- Rogosh Rogosh on the map of Bulgaria
- Coordinates: 42°11′00″N 24°52′00″E﻿ / ﻿42.183333°N 24.866667°E
- Country: Bulgaria
- Province: Plovdiv Province
- Municipality: Maritsa Municipality

Area
- • Total: 27,538 km^{2} (10,632 sq mi)
- Elevation: 199 m (653 ft)

Population
- • Total: 3,109
- • Density: 113/km^{2} (290/sq mi)

= Rogosh =

Rogosh (Рогош) is a village in southern Bulgaria, located in Maritsa Municipality, Plovdiv Province. As of 15 June 2020, the village has a population count of 3109 people.

== Geography ==
The village is located in the Upper Thracian Plain, 7 kilometers northeast of the city of Plovdiv, at an altitude of between 100 and 199 meters. The total area of the village is 2711,2 ha.

=== Infrastructure ===
The school in Rogosh, is named after Vasil Levski, and was established in 1867. During the Ottoman rule, the school did not have a roof and was in the backyard of one of the houses in the village.

The church in the village of Rogosh was constructed in 1866.

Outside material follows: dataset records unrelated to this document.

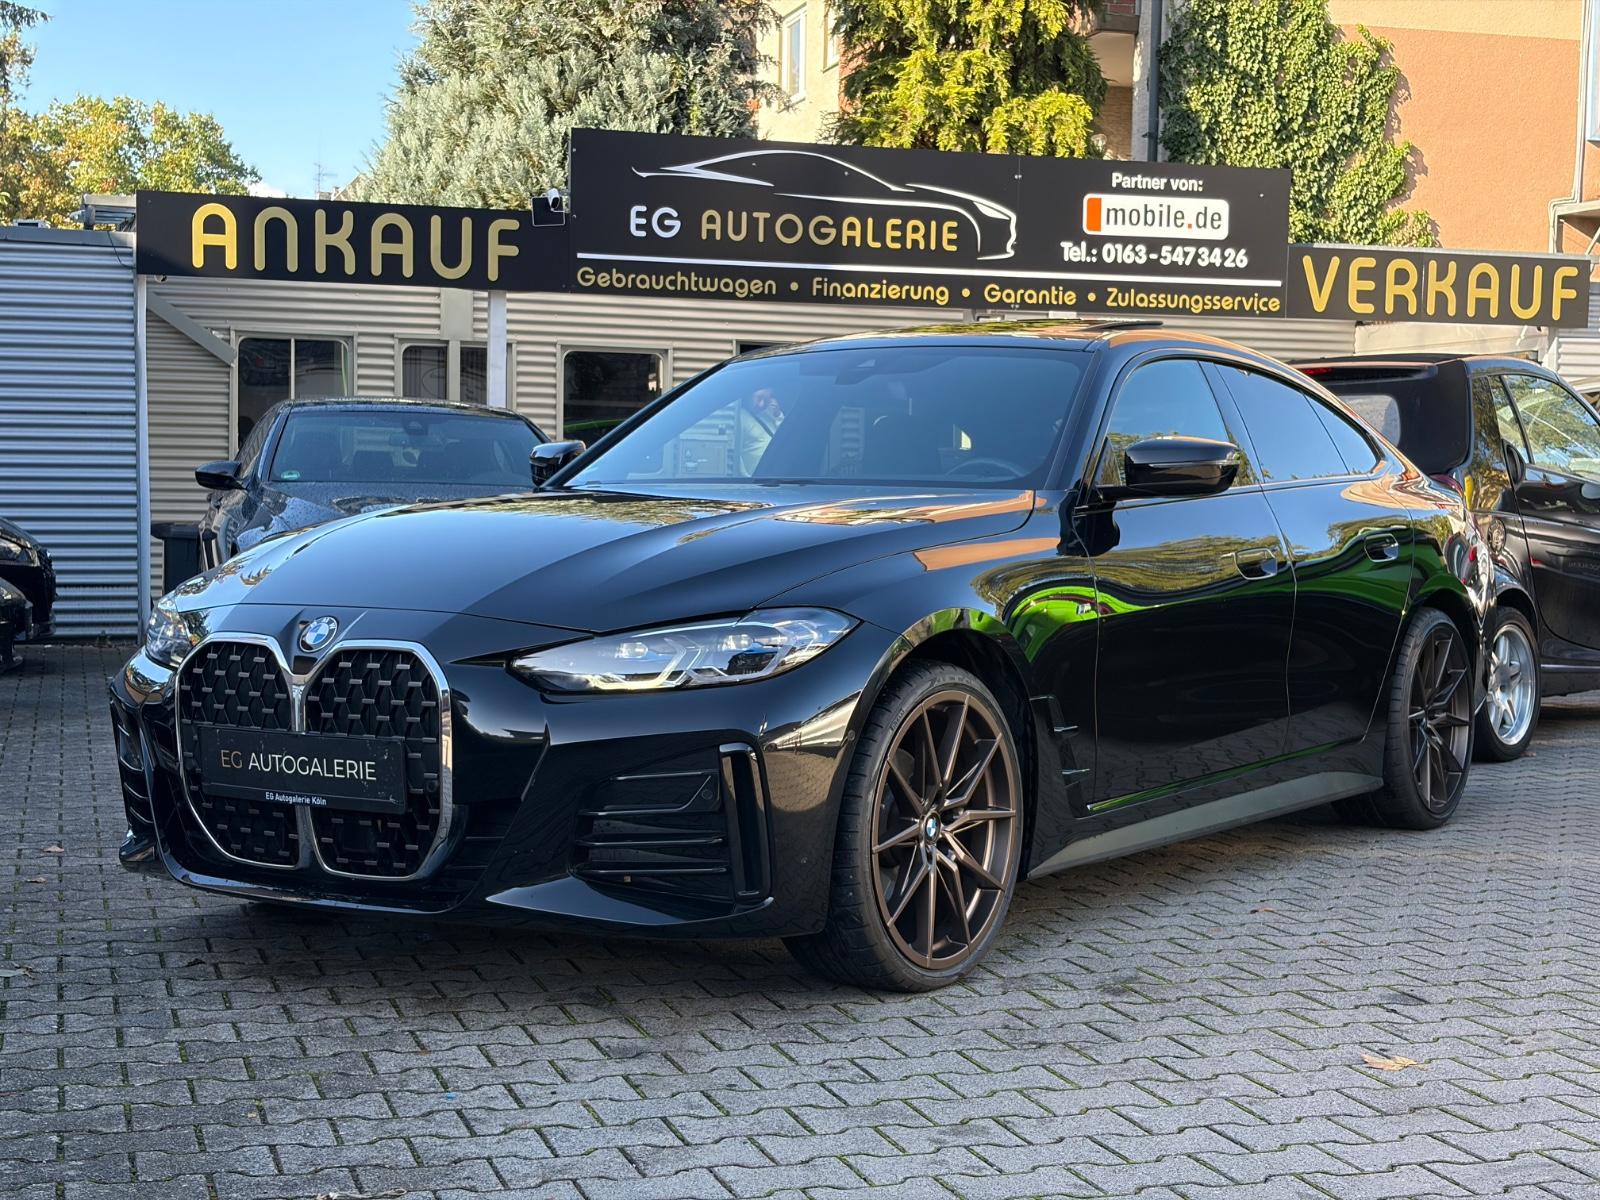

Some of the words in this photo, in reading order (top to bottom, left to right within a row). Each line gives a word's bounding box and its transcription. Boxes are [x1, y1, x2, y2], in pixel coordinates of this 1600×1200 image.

[1111, 172, 1167, 191] Partner
[1169, 178, 1204, 192] von:
[629, 204, 682, 239] EG
[700, 208, 959, 252] AUTOGALERIE
[1106, 203, 1222, 230] mobile.de
[191, 202, 521, 282] ANKAUF
[1060, 241, 1098, 264] Tel.:
[576, 266, 777, 298] Gebrauchtwagen
[811, 276, 949, 306] Finanzierung
[984, 283, 1077, 306] Garantie
[1106, 287, 1281, 314] Zulassungsservice
[1302, 254, 1580, 321] VERKAUF
[220, 749, 243, 769] EG
[248, 752, 377, 781] AUTOGALERIE
[265, 791, 274, 800] EG
[275, 793, 310, 804] Autogalerie
[311, 796, 327, 806] Köln
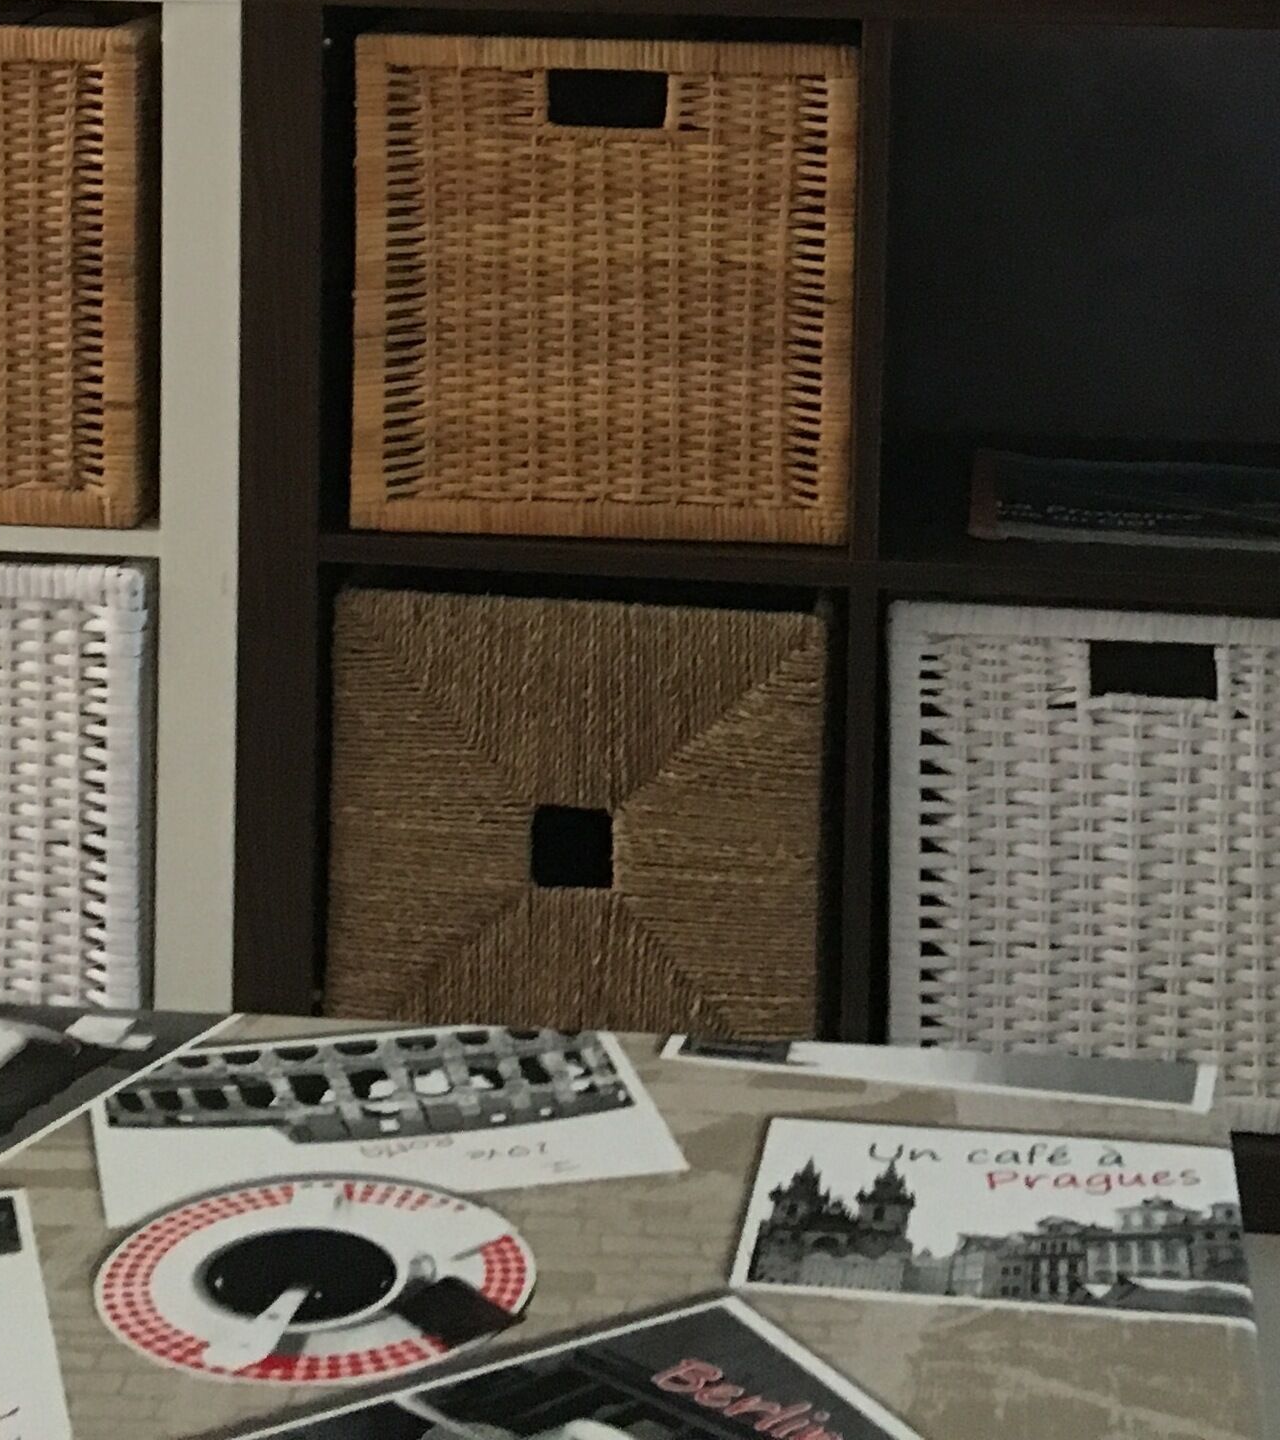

There is also a community hall with a library, which was established in 1927.

== History ==
The village is estimated to be established in 1576 under the names of Rogush and Kebar, which later broke into two villages - Golyam Rogosh and Malak Rogosh, respectively Big and Small Rogosh. The village was first located 12 kilometers east of Plovdiv but was later relocated due to Ottoman attacks. The village was relocated in 1760.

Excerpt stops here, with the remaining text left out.